**EXERCISE BRIEF**: Go through the listing below and repeat it exactly, omitting each picture.

**GIVEN ENTRIES**:
########################################

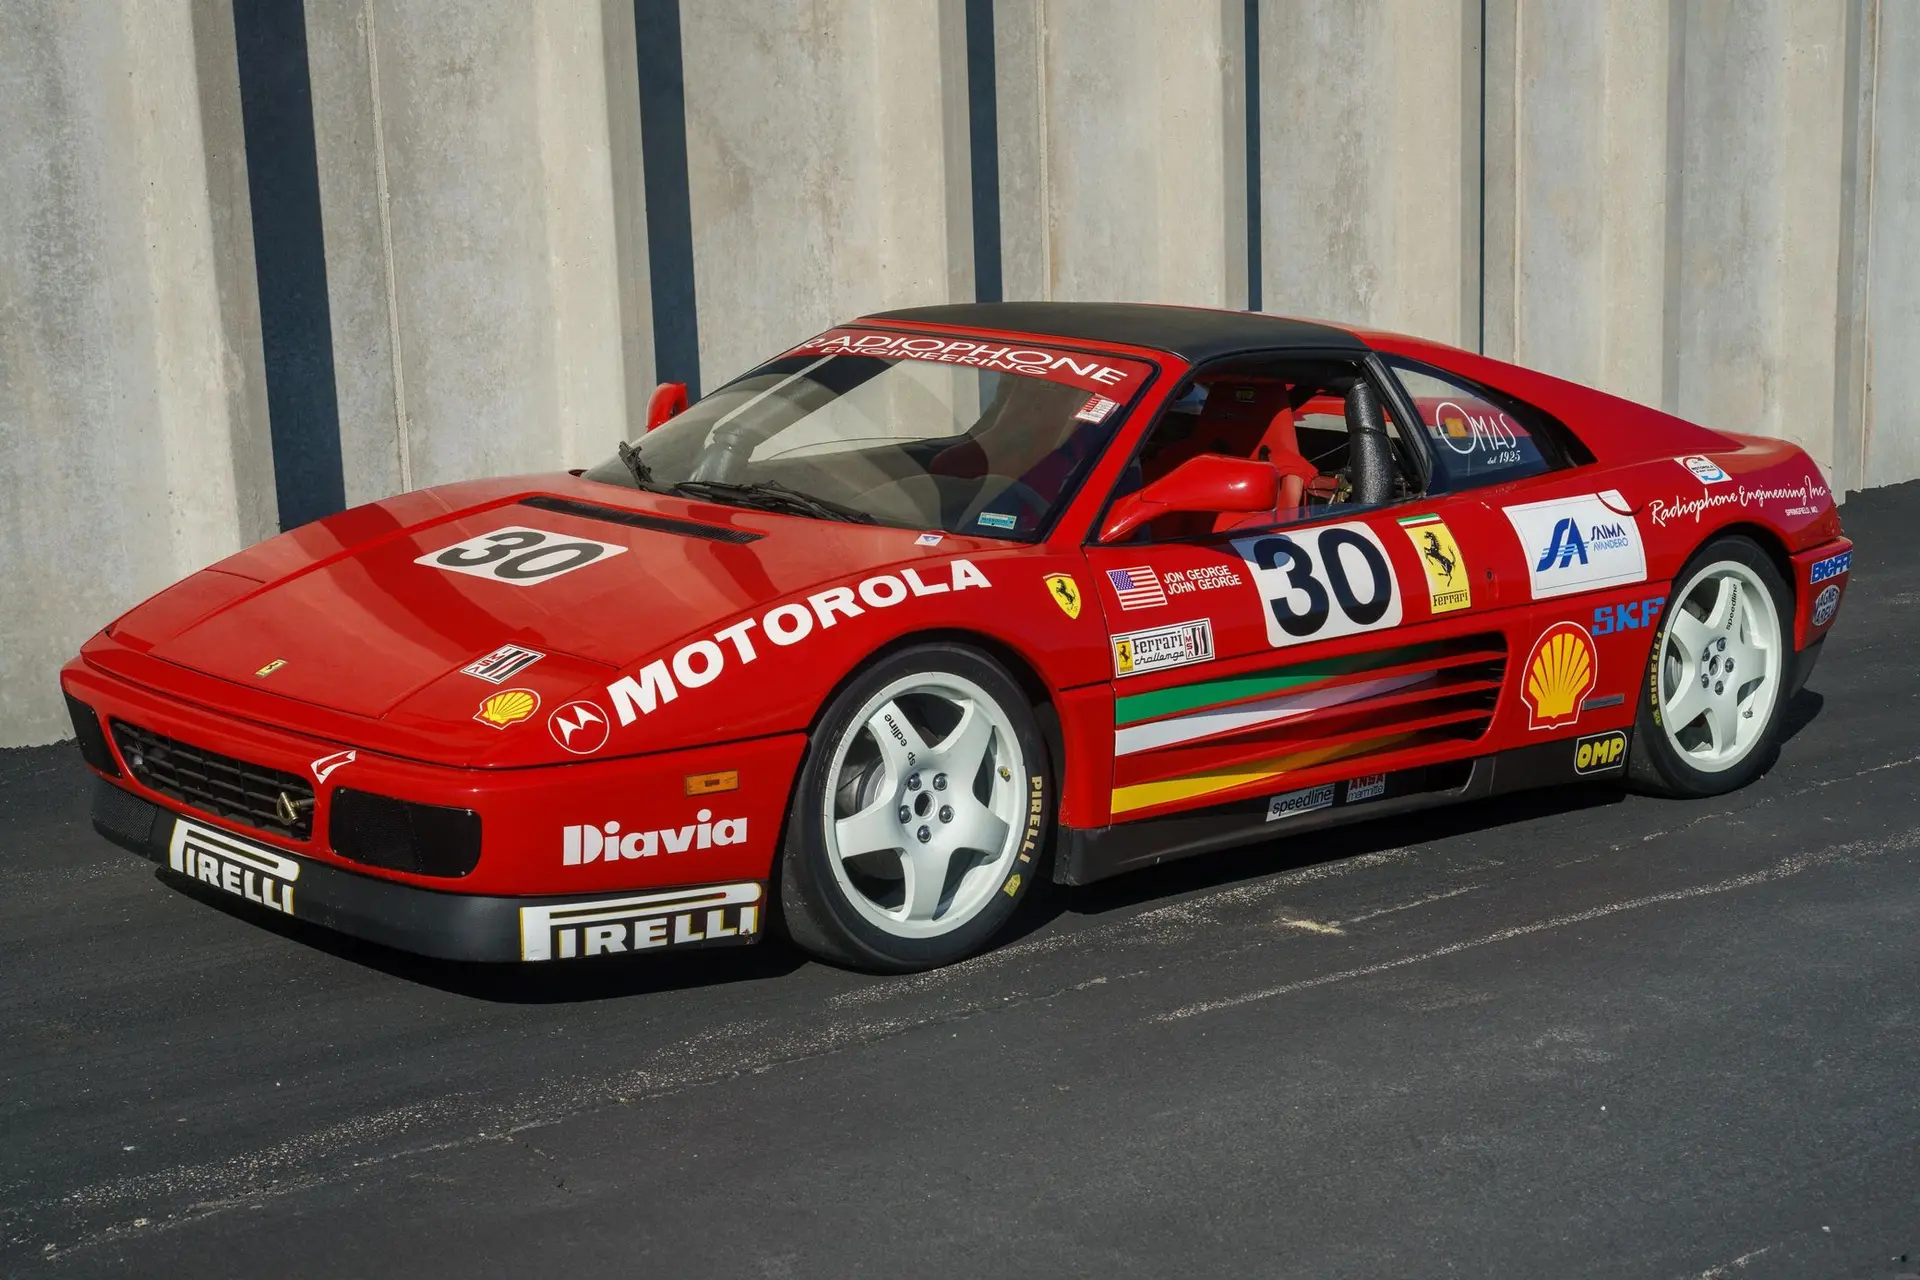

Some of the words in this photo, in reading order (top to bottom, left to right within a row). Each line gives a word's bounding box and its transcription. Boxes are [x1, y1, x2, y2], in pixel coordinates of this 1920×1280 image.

[820, 347, 1048, 376] ENGINEERING
[1436, 402, 1517, 454] OMAS
[1499, 450, 1520, 463] 1925
[1649, 488, 1738, 527] Radiophone
[1738, 484, 1807, 506] Engineering
[436, 531, 605, 579] 30
[1593, 537, 1629, 551] AVANDERO
[1164, 571, 1185, 584] JON
[1186, 565, 1232, 580] GEORGE
[1168, 581, 1196, 595] JOHN
[1198, 574, 1242, 590] GEORGE
[1253, 527, 1392, 637] 30
[1432, 589, 1469, 607] Ferrari
[1592, 597, 1665, 636] SKF
[1726, 583, 1738, 630] speedline
[606, 558, 992, 728] MOTOROLA
[1131, 630, 1183, 655] Ferrari
[1135, 650, 1185, 666] challenge
[1651, 631, 1663, 705] PIRELLI
[1576, 737, 1625, 769] OMP
[1019, 775, 1043, 864] PIRELLI
[1272, 787, 1332, 817] speedline
[562, 808, 748, 867] Diavia
[169, 818, 300, 916] PIRELLI
[519, 882, 762, 962] PIRELLI

########################################

**EXPECTED ANSWER**:
Some of the words in this photo, in reading order (top to bottom, left to right within a row). Each line gives a word's bounding box and its transcription. Boxes are [x1, y1, x2, y2], in pixel coordinates of this 1920×1280 image.

[820, 347, 1048, 376] ENGINEERING
[1436, 402, 1517, 454] OMAS
[1499, 450, 1520, 463] 1925
[1649, 488, 1738, 527] Radiophone
[1738, 484, 1807, 506] Engineering
[436, 531, 605, 579] 30
[1593, 537, 1629, 551] AVANDERO
[1164, 571, 1185, 584] JON
[1186, 565, 1232, 580] GEORGE
[1168, 581, 1196, 595] JOHN
[1198, 574, 1242, 590] GEORGE
[1253, 527, 1392, 637] 30
[1432, 589, 1469, 607] Ferrari
[1592, 597, 1665, 636] SKF
[1726, 583, 1738, 630] speedline
[606, 558, 992, 728] MOTOROLA
[1131, 630, 1183, 655] Ferrari
[1135, 650, 1185, 666] challenge
[1651, 631, 1663, 705] PIRELLI
[1576, 737, 1625, 769] OMP
[1019, 775, 1043, 864] PIRELLI
[1272, 787, 1332, 817] speedline
[562, 808, 748, 867] Diavia
[169, 818, 300, 916] PIRELLI
[519, 882, 762, 962] PIRELLI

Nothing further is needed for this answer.